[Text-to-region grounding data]
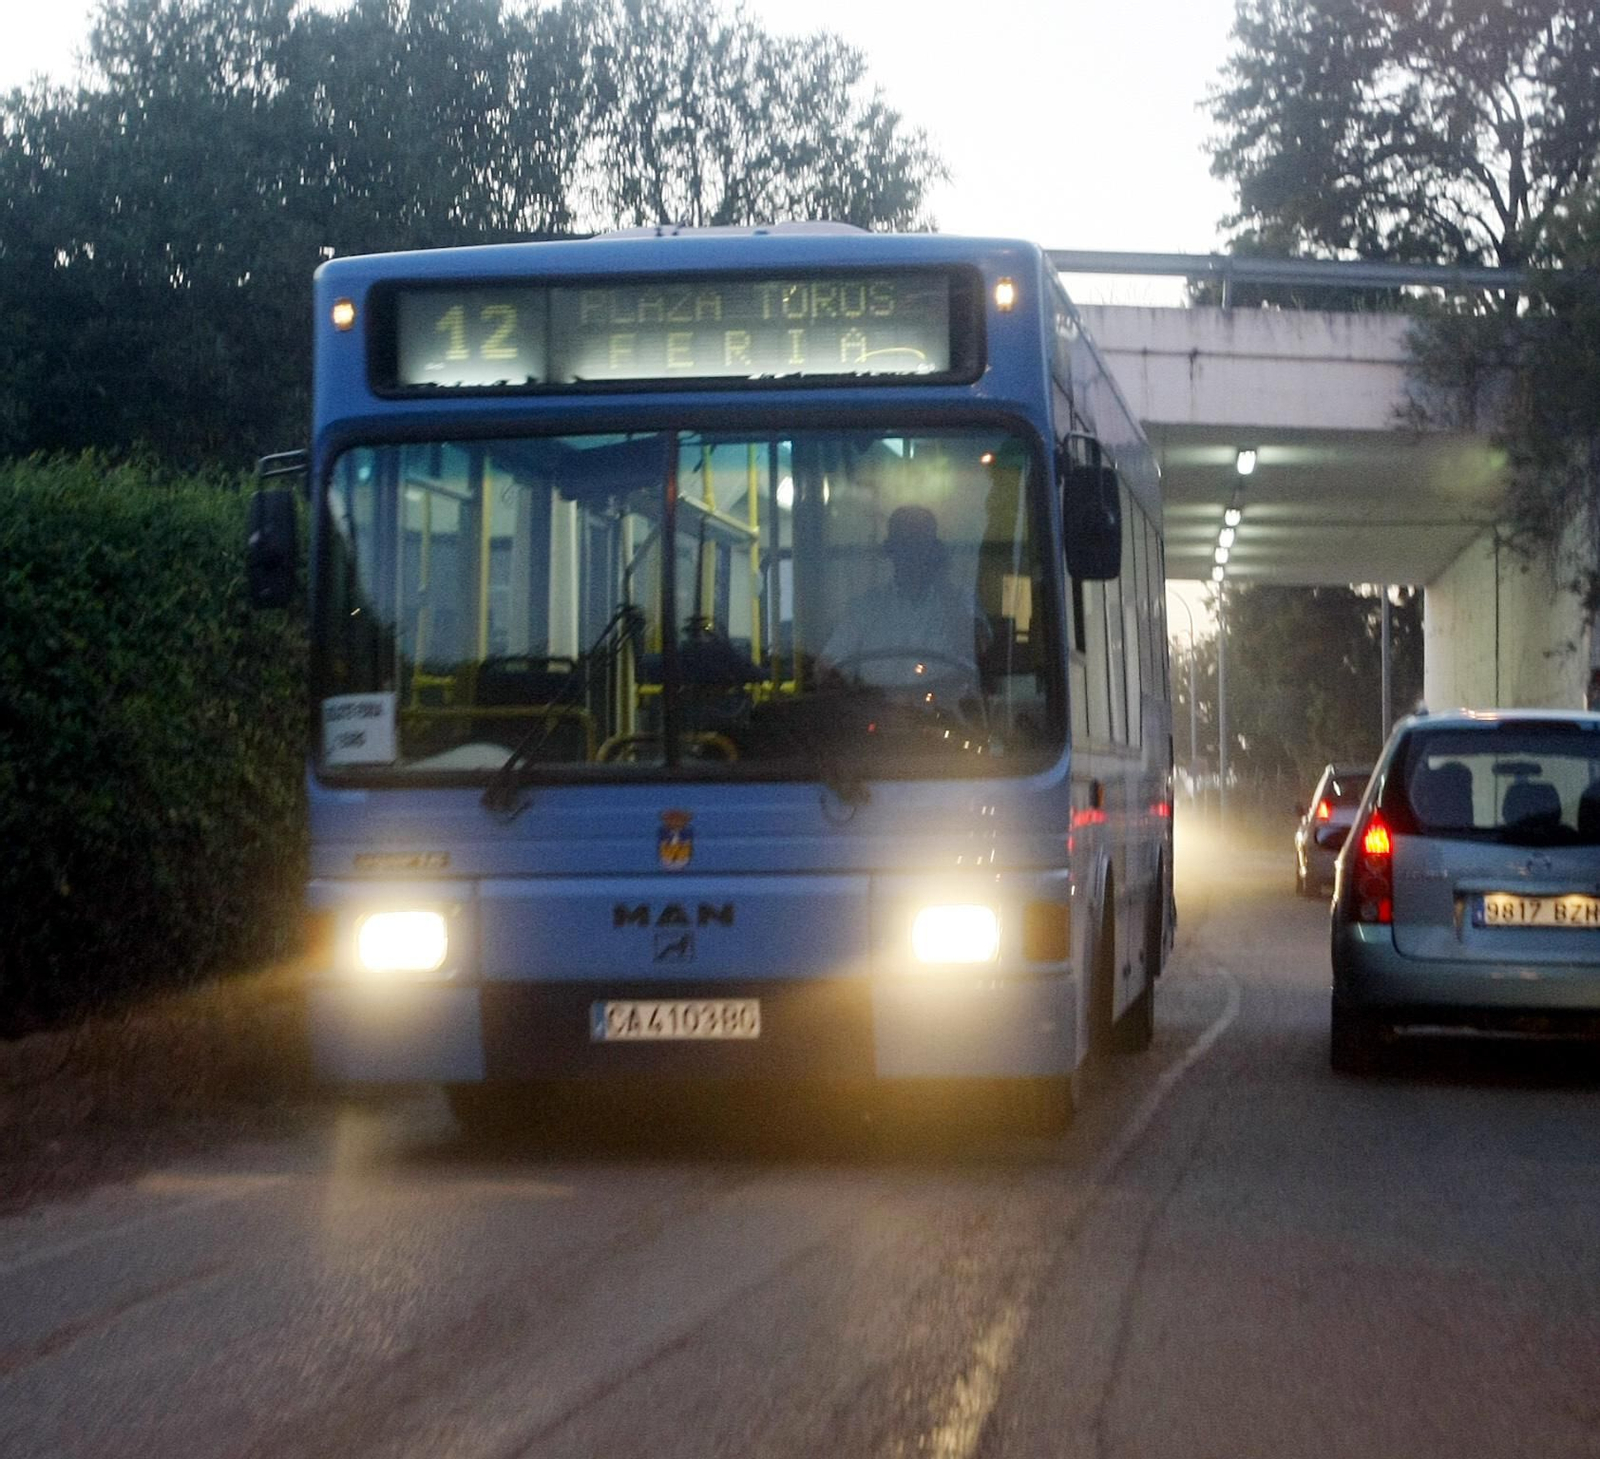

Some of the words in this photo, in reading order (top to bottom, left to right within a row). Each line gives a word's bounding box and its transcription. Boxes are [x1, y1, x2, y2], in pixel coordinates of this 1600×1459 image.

[582, 287, 722, 323] PLAZA
[435, 304, 518, 361] 12
[609, 327, 867, 370] FERIA
[612, 903, 735, 927] MAN
[1487, 899, 1541, 921] 9817

#### Problem description
Copy the data verbatim, skipping any image it holds.

#### Result
Some of the words in this photo, in reading order (top to bottom, left to right within a row). Each line gives a word's bounding box and its transcription. Boxes are [x1, y1, x2, y2], in pixel coordinates of this 1600×1459 image.

[582, 287, 722, 323] PLAZA
[435, 304, 518, 361] 12
[609, 327, 867, 370] FERIA
[612, 903, 735, 927] MAN
[1487, 899, 1541, 921] 9817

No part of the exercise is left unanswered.